蘇父臉黑如鍋底,他把視線落向蘇青:“你也沒好到哪去!女婿能和他那位未婚妻退婚,這其中彆說沒有你的原因。既然知道自己理虧,作何要在弟弟妹妹麵前說些有的沒的?自個把話柄交到了彆人手上,你現在怪她讓你在人前失了臉麵,這難道沒你的責任?”
“爸現在說我,可我那會能有什麼辦法?農村有多苦你能想到嗎?每頓飯吃不飽不說,還得天天去上工,回到知青點,
雙手全是水泡,渾身一點力氣都沒有,躺下就不想起來……我堅持又堅持,想著能趕快回城,
但回城的法子要麼是招工,要麼是被推薦上工農兵大學,再要麼是接父母的班……這三種法子我是一樣都沒戲,不給自己找個保險點的依靠,難不成要累死、餓死在那山窩窩裡?”
眼裡淚水滴落,蘇青抽泣:“周為民是我插隊那個村條件最好的男青年,而且人長得好,我實在沒得法子,才選擇追求他,
如果他對我無意,自然不會和他未婚妻退婚,換句話還說,他退婚,又不是我逼的,是他和他家裡人覺得我好,嫌棄他未婚妻身子骨弱,以後很難有孩子,就堅決把婚退了。
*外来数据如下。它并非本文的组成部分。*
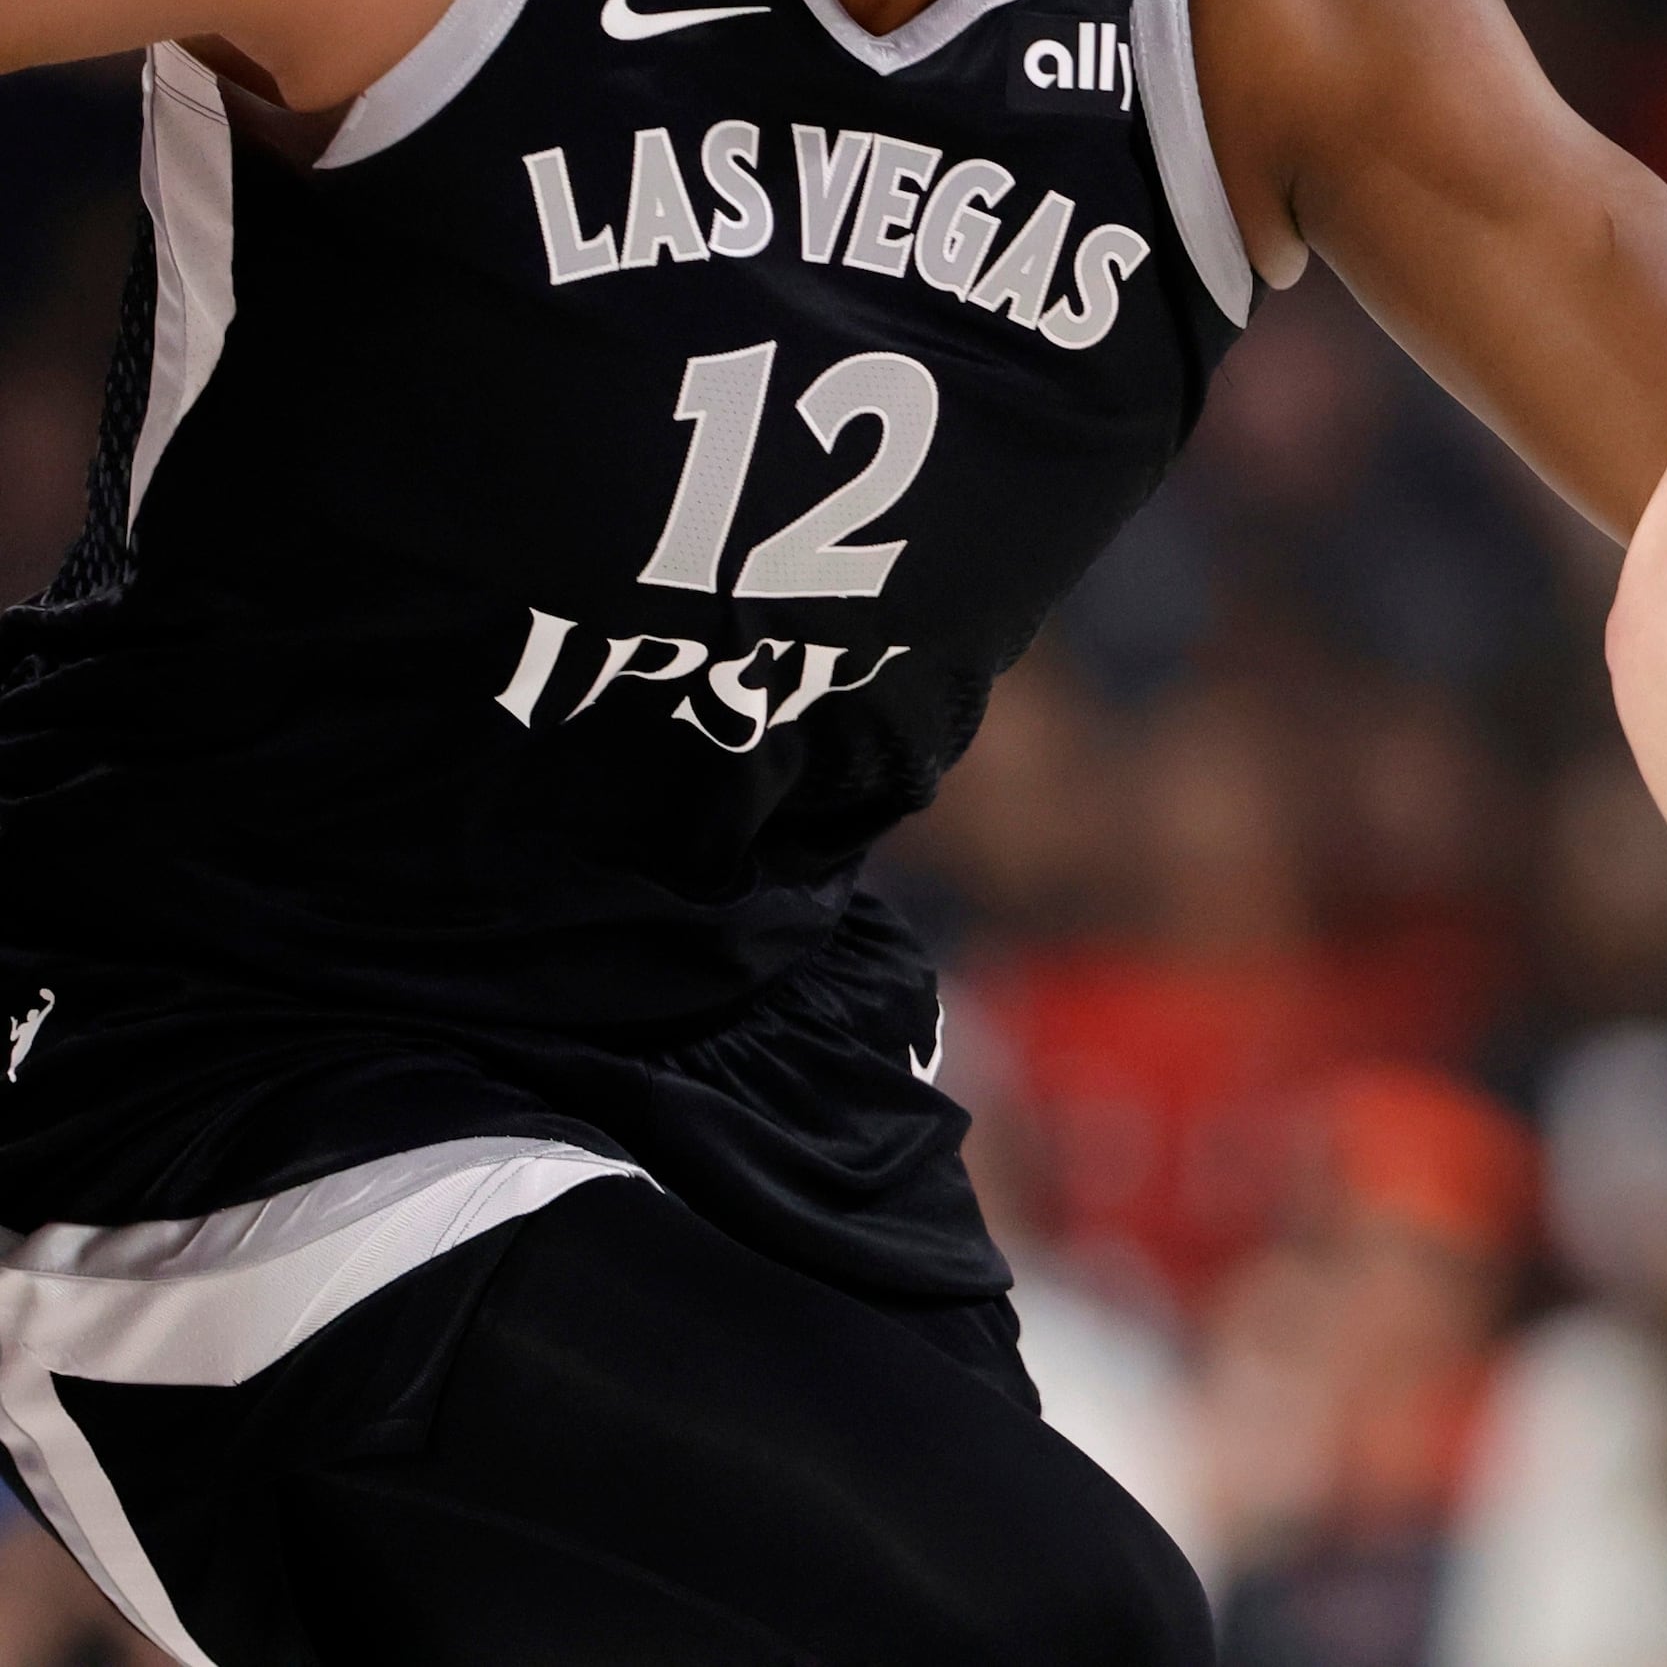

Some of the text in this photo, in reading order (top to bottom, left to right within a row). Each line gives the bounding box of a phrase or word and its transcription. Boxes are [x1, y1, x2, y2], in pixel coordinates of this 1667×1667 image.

”
蘇父:“不管這些,我就問問你是存著怎樣的心思,要把你和女婿之間的事在小濤和曼曼麵前說出來?尤其是曼曼,你明知道你們姐妹倆的關係沒以前那麼好,你在她麵前說起,就沒想過她回頭會用這件事……”
“我哪能想到她會那麼惡毒!”
蘇青打斷蘇父:“我是她姐,我都能不計前嫌去看望她,她為什麼還要對付我?”
“行了,曼曼他們大院裡的人又和你不熟,他們說幾句笑話也就過去了,影響不到你什麼。”
蘇母勸說蘇青,聞言,蘇青心裡憋屈,覺得蘇母與以往一樣,照舊偏心蘇曼,她低著頭,抿唇沒有再做聲,就聽蘇母續說:“倒是女婿那,你回頭多說幾句軟話,省得你們小兩口之間起了隔閡。”
“我……”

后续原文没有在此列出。